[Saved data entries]
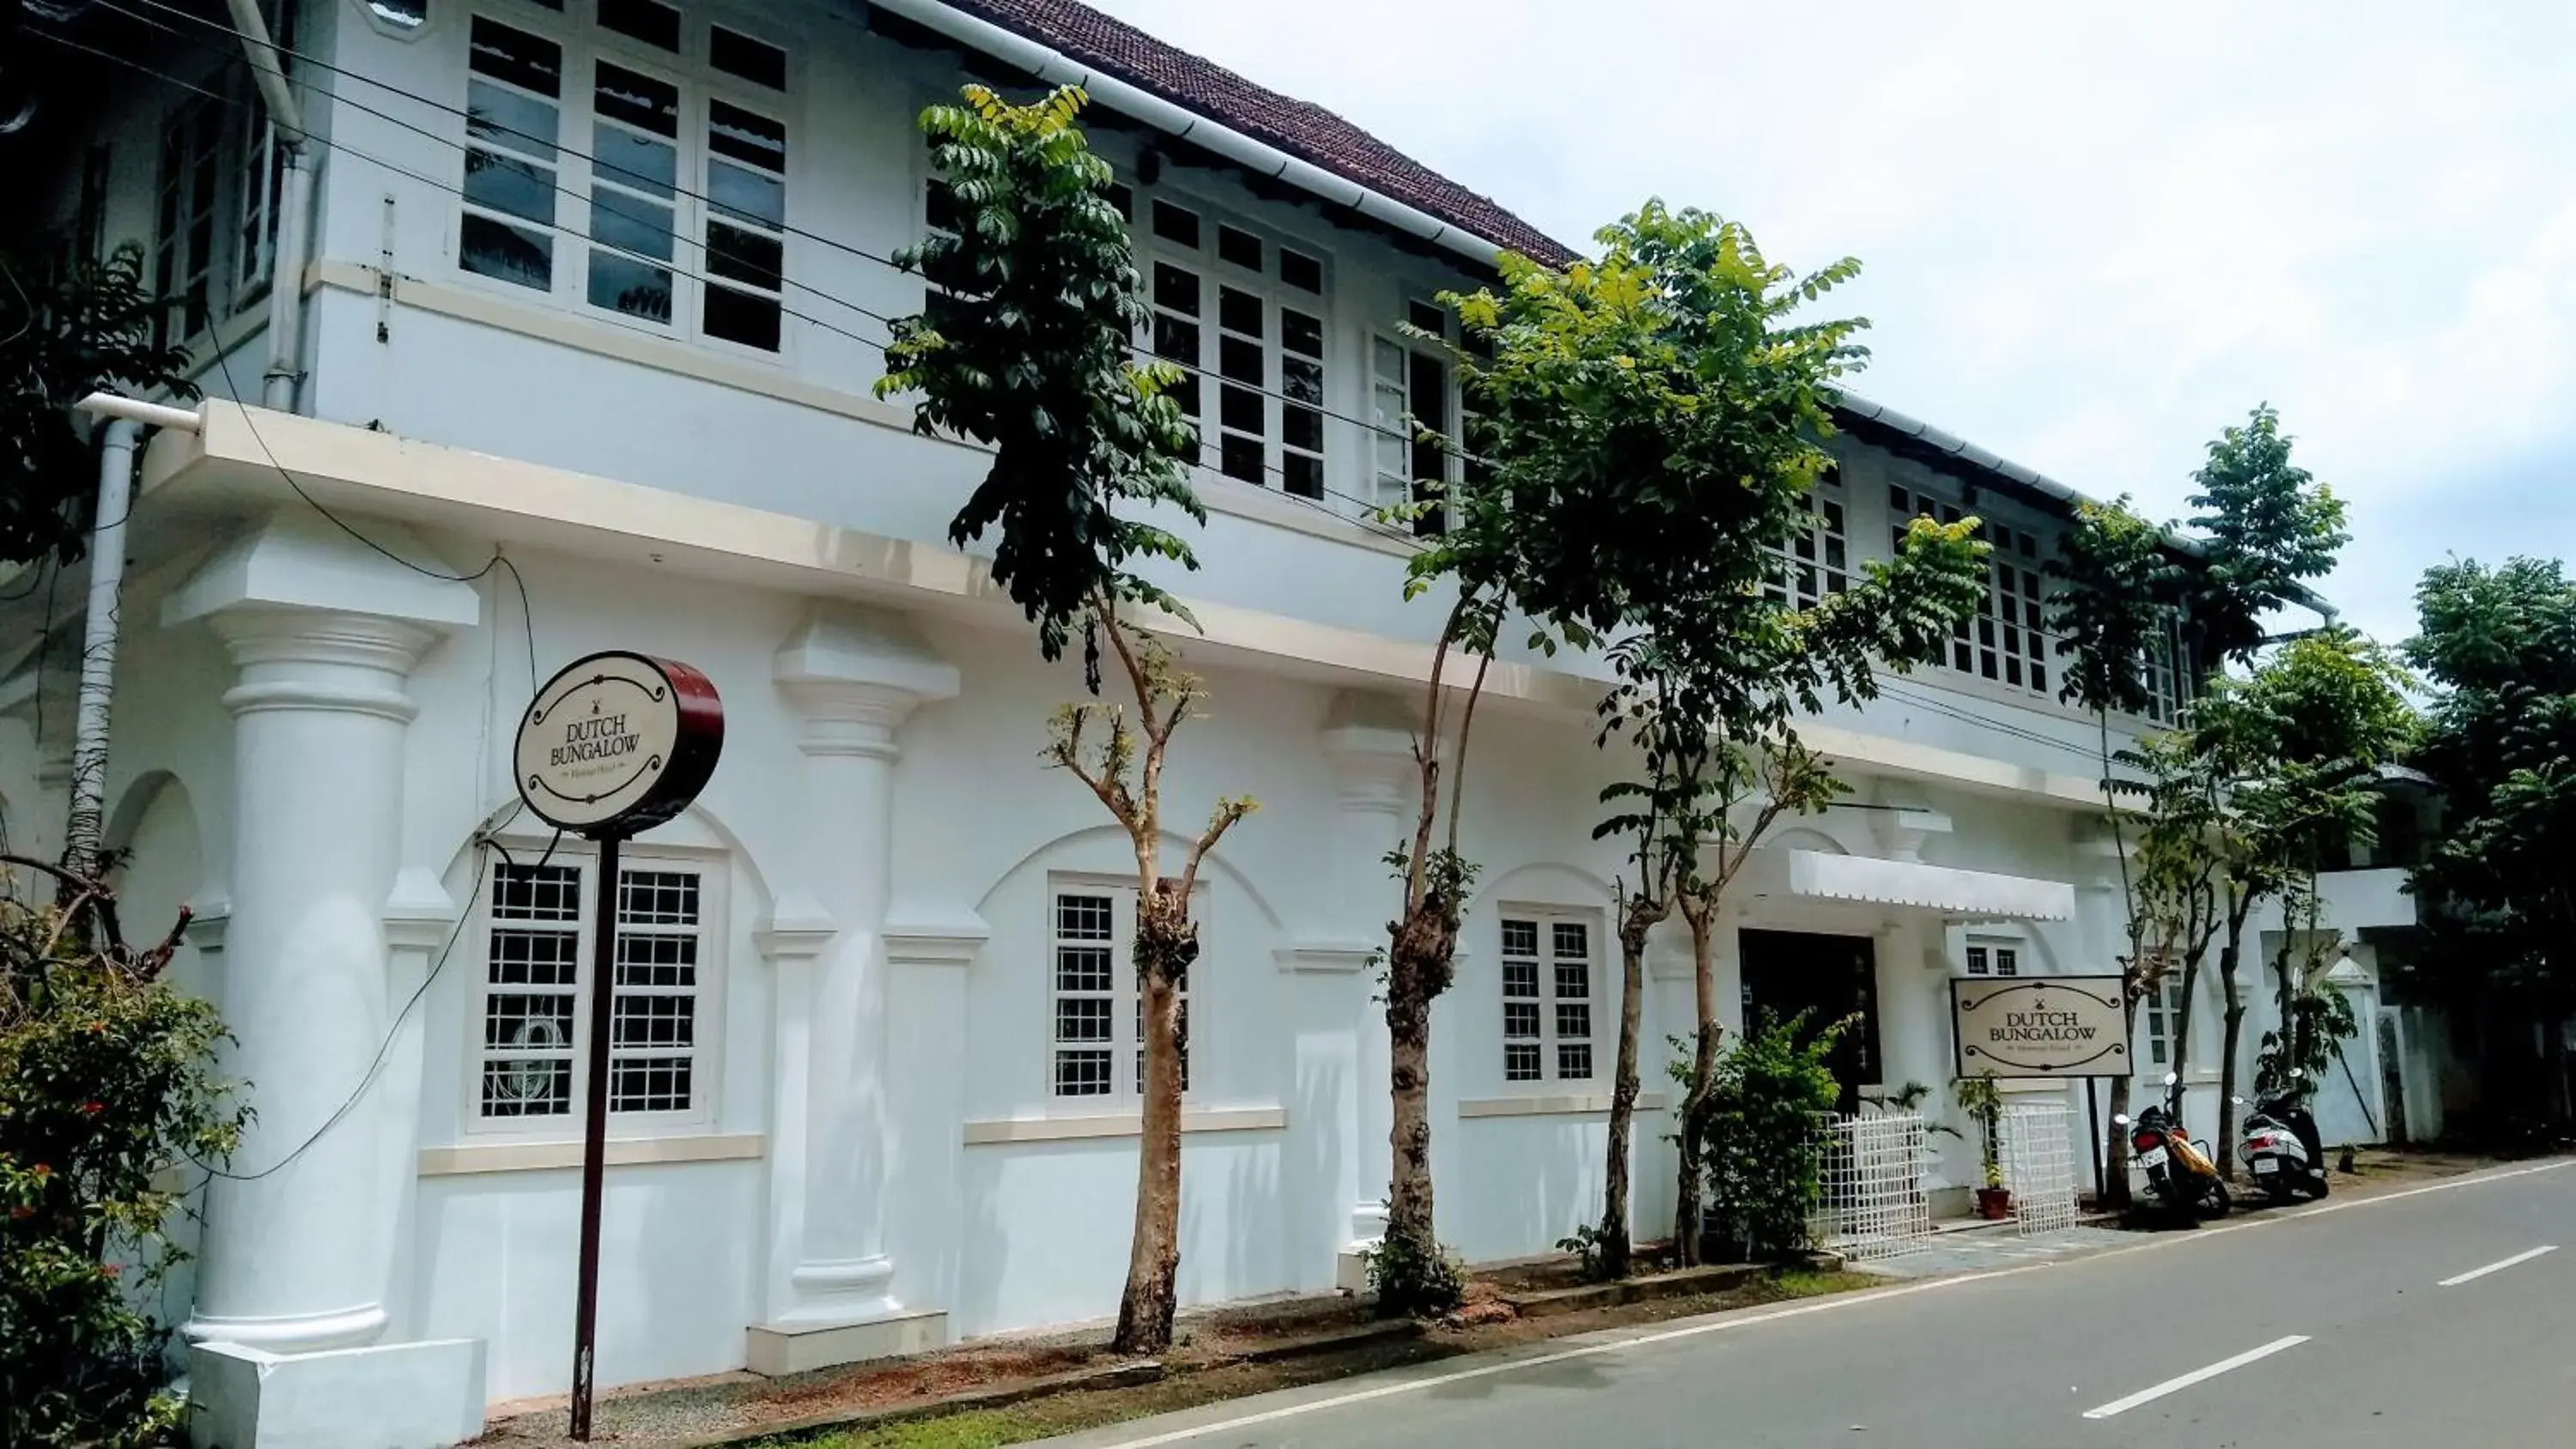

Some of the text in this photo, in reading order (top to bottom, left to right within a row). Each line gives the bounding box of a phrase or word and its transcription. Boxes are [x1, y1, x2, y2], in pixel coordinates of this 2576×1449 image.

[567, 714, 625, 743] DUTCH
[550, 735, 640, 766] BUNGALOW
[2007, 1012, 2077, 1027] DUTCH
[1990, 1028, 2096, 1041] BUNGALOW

- [Exercise] When pictures appear among the entries, skip them and copy all remaining text precisely.

- [Answer to the problem]
Some of the text in this photo, in reading order (top to bottom, left to right within a row). Each line gives the bounding box of a phrase or word and its transcription. Boxes are [x1, y1, x2, y2], in pixel coordinates of this 2576×1449 image.

[567, 714, 625, 743] DUTCH
[550, 735, 640, 766] BUNGALOW
[2007, 1012, 2077, 1027] DUTCH
[1990, 1028, 2096, 1041] BUNGALOW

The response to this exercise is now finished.